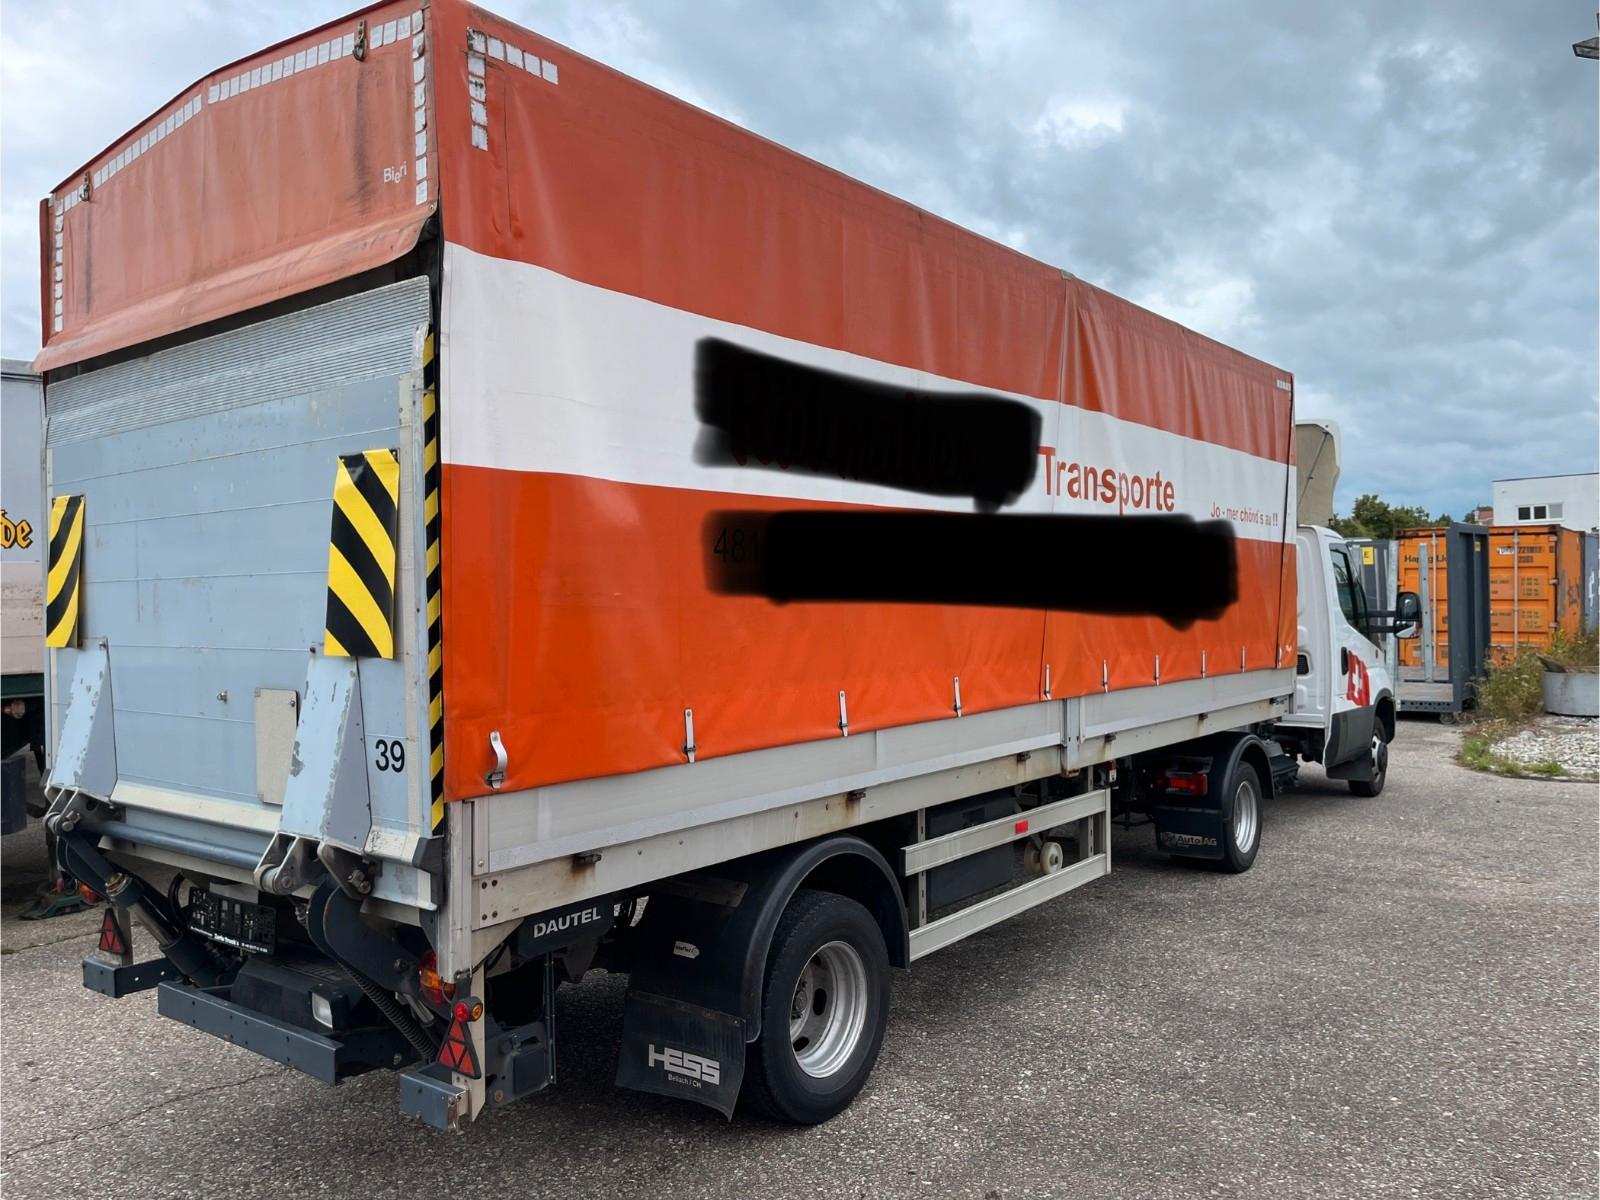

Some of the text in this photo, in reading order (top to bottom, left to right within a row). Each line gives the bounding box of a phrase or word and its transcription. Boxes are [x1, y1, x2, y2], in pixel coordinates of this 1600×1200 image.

[383, 160, 407, 184] Bieri
[1037, 446, 1175, 517] Transporte
[1211, 501, 1221, 518] Jo
[375, 739, 406, 773] 39
[533, 907, 601, 938] DAUTEL
[648, 1044, 720, 1086] HESS
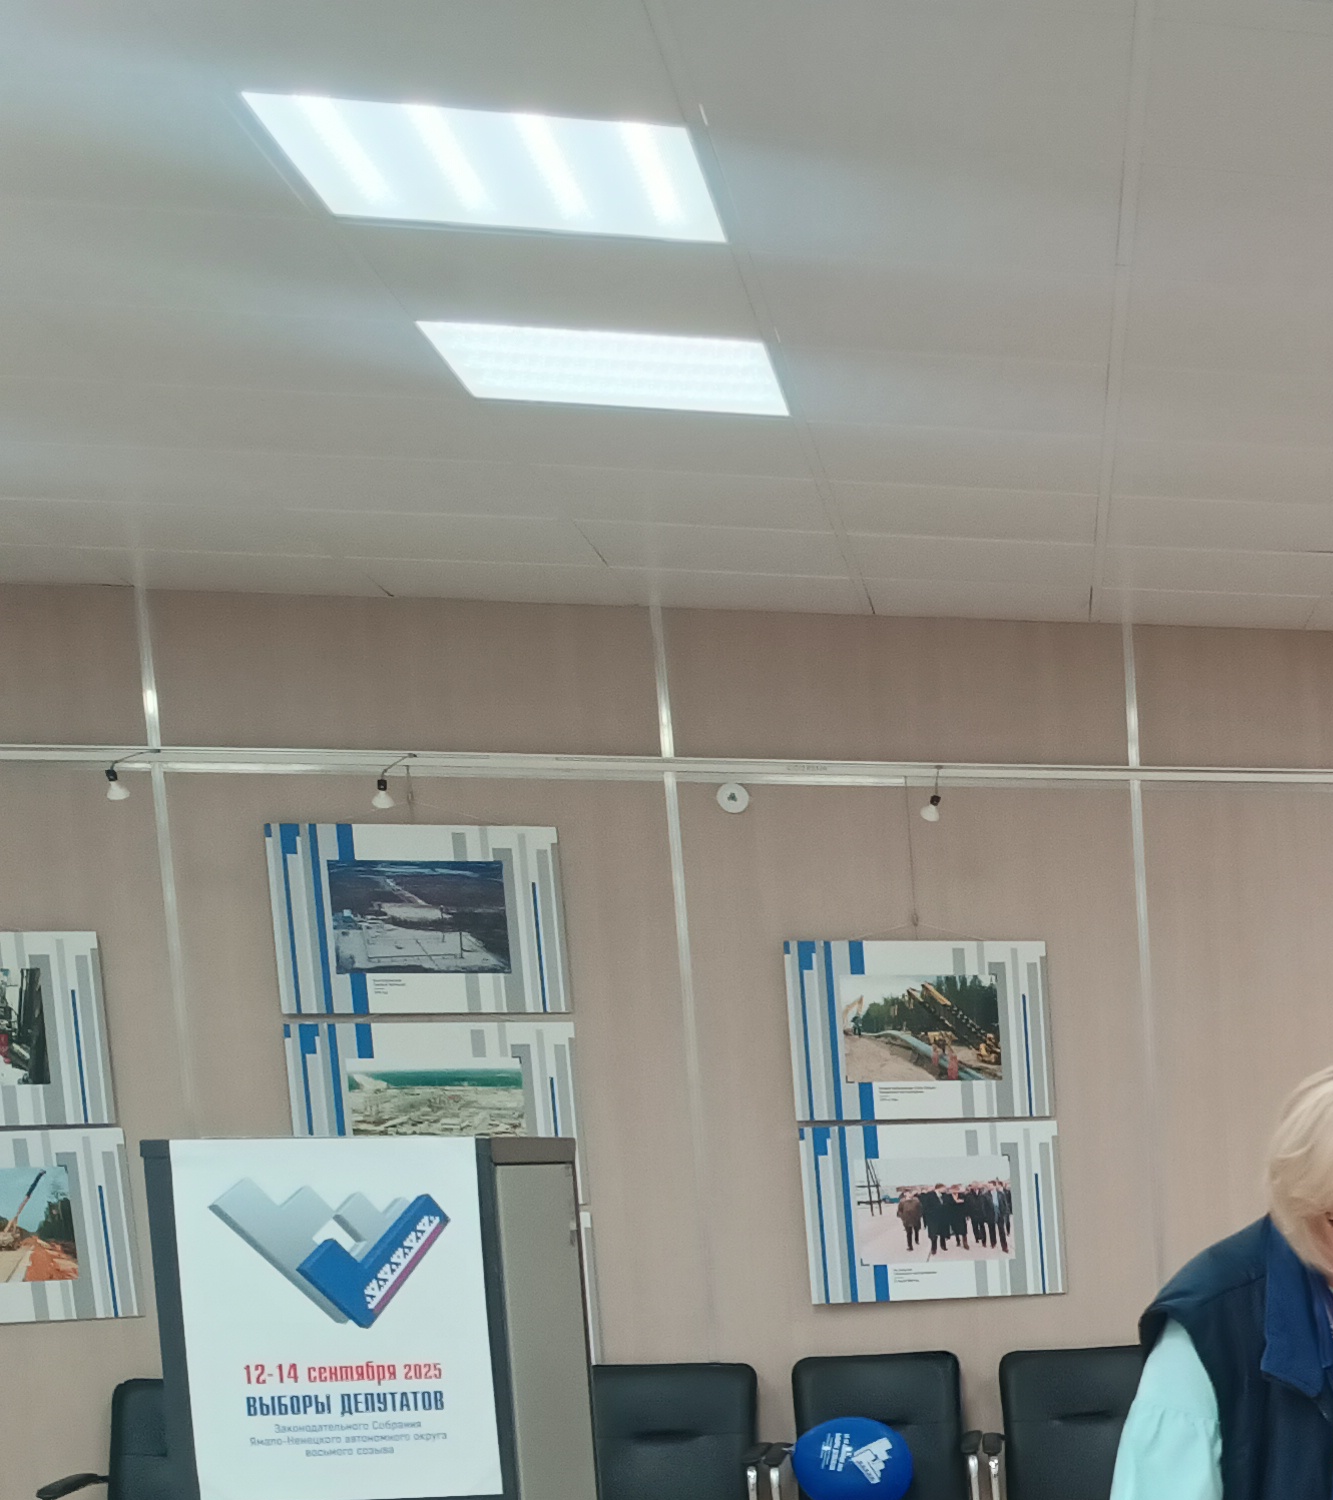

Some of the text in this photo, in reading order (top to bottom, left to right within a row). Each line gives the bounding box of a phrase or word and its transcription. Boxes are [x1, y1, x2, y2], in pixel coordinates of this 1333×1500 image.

Your objective
Excluding the images, return each record above precisely as written.

Answer to the exercise
Some of the text in this photo, in reading order (top to bottom, left to right within a row). Each line gives the bounding box of a phrase or word and its transcription. Boxes are [x1, y1, x2, y2], in pixel coordinates of this 1600×1200 image.

[383, 160, 407, 184] Bieri
[1037, 446, 1175, 517] Transporte
[1211, 501, 1221, 518] Jo
[375, 739, 406, 773] 39
[533, 907, 601, 938] DAUTEL
[648, 1044, 720, 1086] HESS

Some of the text in this photo, in reading order (top to bottom, left to right within a row). Each line gives the bounding box of a phrase or word and its transcription. Boxes are [x1, y1, x2, y2], in pixel coordinates of this 1333×1500 image.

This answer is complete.